O sistema penal brasileiro não está estruturado para enfrentar o crime de alto impacto financeiro e estrutural. Está, sim, voltado para perseguir a pobreza. “A polícia não combate o crime organizado. A polícia combate pobre, só pobre”.
A avaliação é do juiz Luís Carlos Valois, doutor em direito penal e criminologia pela USP, que desmonta, em entrevista à TV GGN, o senso comum sobre o funcionamento da Justiça criminal no Brasil.
Segundo ele, a sociedade e a imprensa insistem em associar o crime organizado à imagem do jovem preso com algumas porções de droga. “E o crime organizado nos helicópteros com meia tonelada de cocaína? Ou nos jatinhos?”, questiona.
Basta seguir o dinheiro, mas ninguém segue
O problema, para Valois, é que a estrutura estatal se recusa a ir onde realmente importa. “Basta seguir o dinheiro, mas ninguém segue. Esse crime organizado verdadeiro, que devia estar sendo combatido, não é. Ninguém segue o dinheiro”.
“A estrutura da polícia, por exemplo, pega um traficante médio, aquele que comanda o bairro, que tem uma casa melhor. É só seguir o dinheiro dele: onde compra cocaína, de onde vem, para onde vai, qual empresário está por trás. Porque tem muito traficante que nem chega perto da droga. Mas a estrutura da polícia não foi feita para investigar e combater esse tipo de tráfico.

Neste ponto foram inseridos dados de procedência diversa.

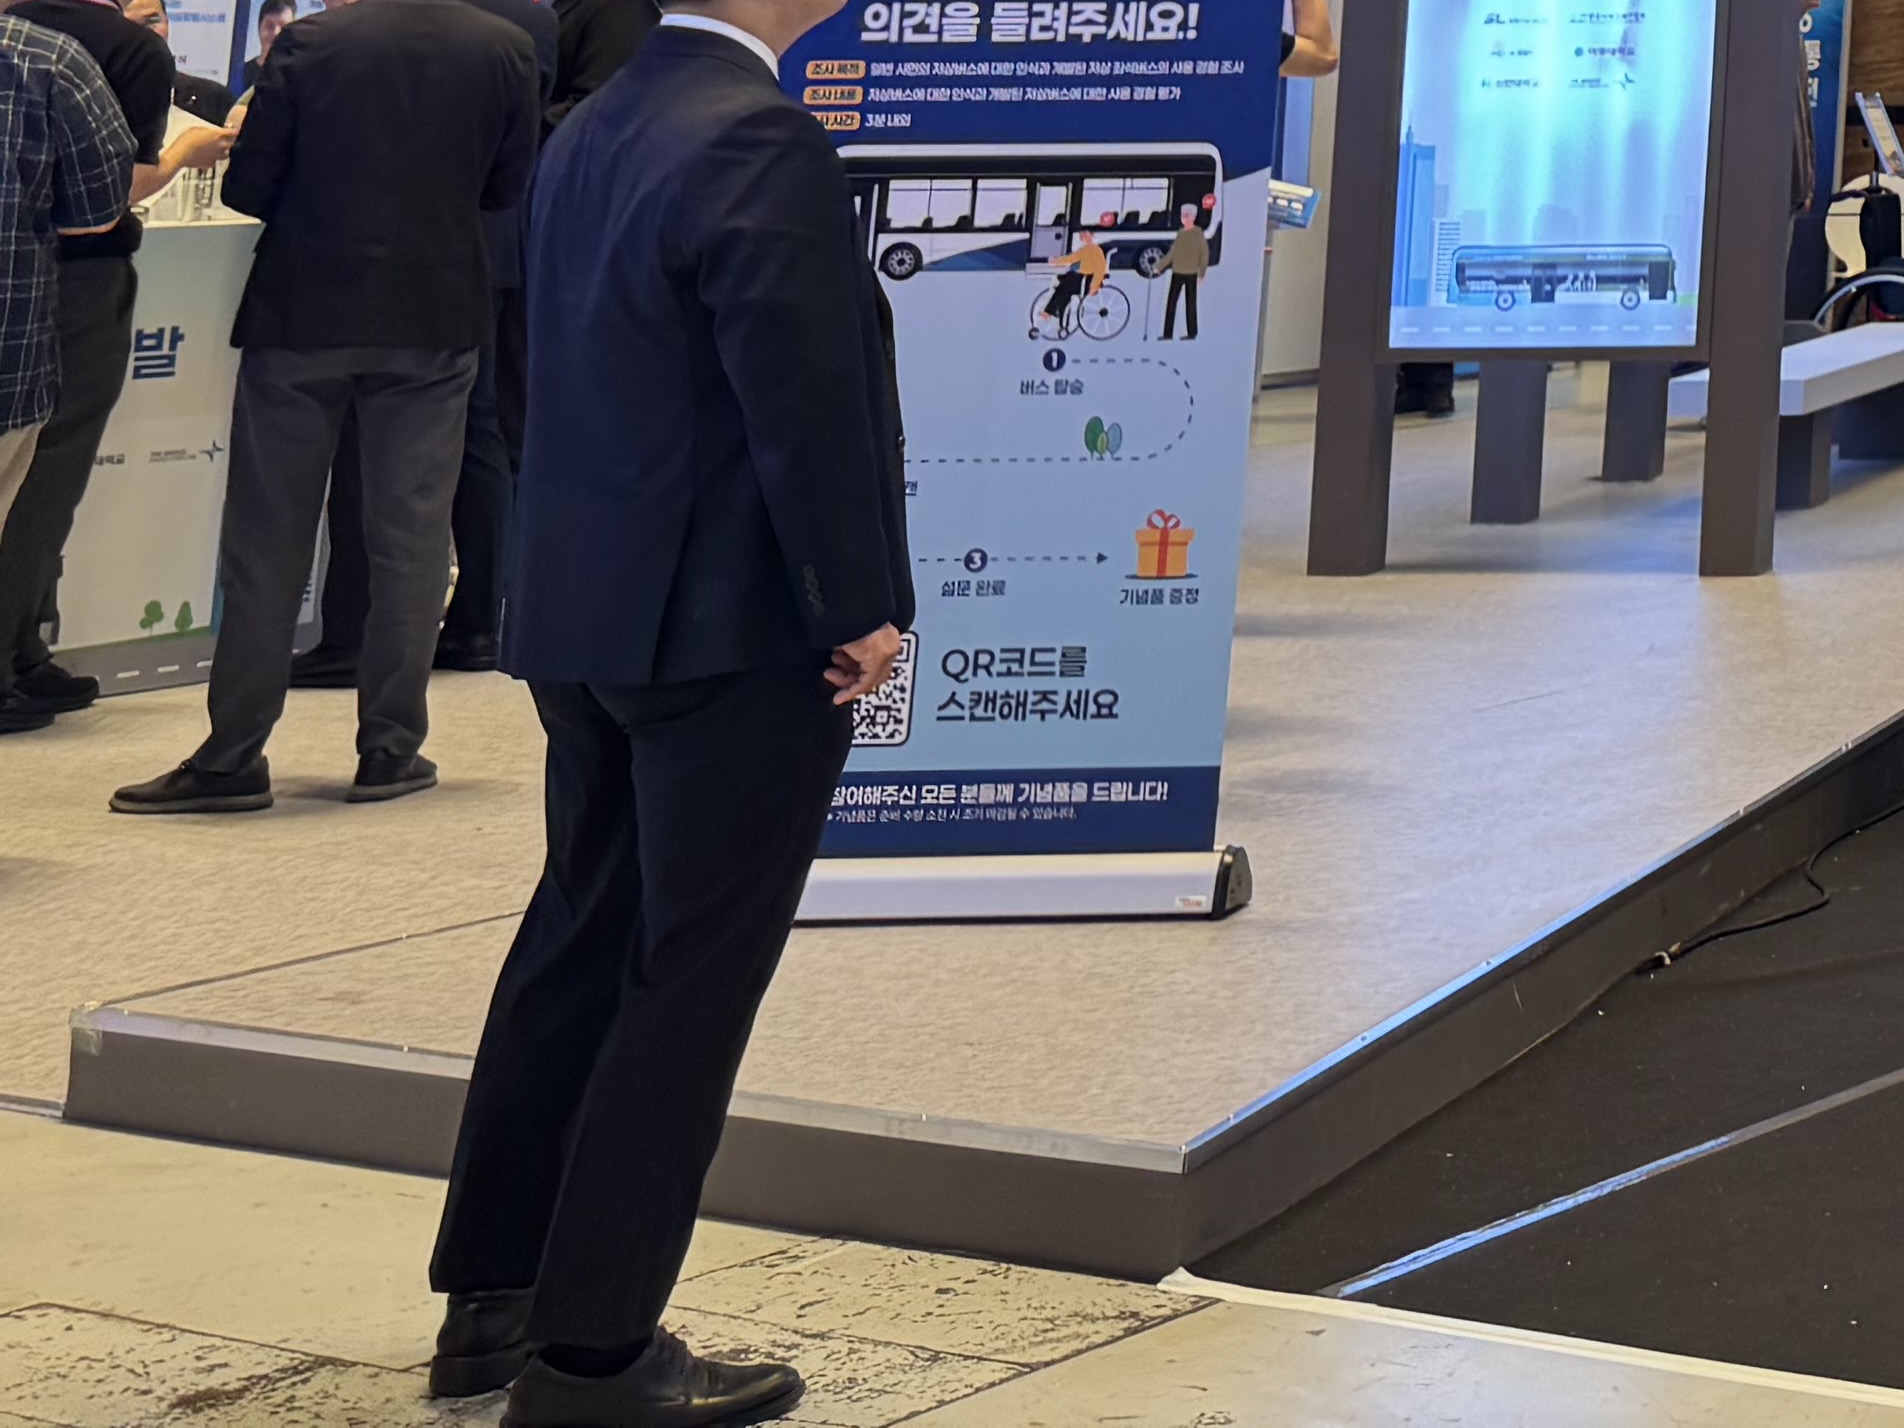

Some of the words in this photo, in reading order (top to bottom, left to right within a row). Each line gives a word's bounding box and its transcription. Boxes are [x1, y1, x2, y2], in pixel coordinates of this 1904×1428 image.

[861, 2, 981, 43] 의견을
[990, 1, 1199, 42] 들려주세요!
[132, 326, 185, 381] 발
[1020, 379, 1050, 396] 버스
[1054, 378, 1084, 396] 탑승
[1119, 588, 1165, 606] 기념품
[941, 645, 1088, 684] QR코드를
[936, 689, 1120, 723] 스캔해주세요
[830, 785, 918, 807] 참여해주신
[920, 784, 957, 806] 모든
[1017, 782, 1089, 804] 기념품을
[1090, 781, 1169, 803] 드립니다!

É como prender o garçom para combater o consumo de álcool”.
Enquanto isso, a engrenagem do tráfico, com plantio internacional, transporte fluvial e portuário, insumos fornecidos por grandes empresas e capital levantado junto a doleiros, continua operando intacta.
Um juiz criminal numa vara cível
Autor do livro “O Direito Penal da Guerra às Drogas” e conhecido por ter atuado para conter o massacre no Complexo Penitenciário Anísio Jobim (Compaj), em Manaus, palco de uma carnificina que deixou 56 mortos em 2017, o juiz Luís Carlos Valois passou anos na área criminal. Recentemente, migrou para a área cível, e foi aí que se deparou com este outro universo mais sofisticado e menos visível, mas igualmente criminoso.
“Nunca vi tanto desvio, tanto roubo quanto tenho visto no cível. Banco, estelionato, empresa que não entrega imóvel, empréstimo fraudulento contra idoso… e isso não é chamado de crime”.
Com um ano de atuação no juízo cível, ele relata práticas desenhadas para dificultar qualquer responsabilização judicial, nas quais construtoras abrem CNPJs específicos para cada empreendimento, esvaziam o capital e desaparecem, deixando o prejuízo nas mãos dos compradores.
“É difícil achar o dinheiro. E o mais grave, se você perguntar para um traficante o que é CNPJ, ele nem sabe. A maioria é analfabeta”.
O que mais tem assustado Valois são os casos envolvendo aposentados e pensionistas, vítimas de empréstimos indevidos que drenam seus benefícios, muitas vezes sem que saibam exatamente o porquê.
“Idoso que não sabe nem o que está sendo descontado do benefício. É golpe de empréstimo. E quem faz isso é banco”. Segundo ele, a engrenagem funciona graças à baixa transparência, pouca fiscalização e uma lógica de impunidade alimentada pelo sistema financeiro.
“Saí da área penal, mas continuo lidando com o crime todos os dias. Estou me assustando com o tanto que tem de crime que não é chamado de crime”.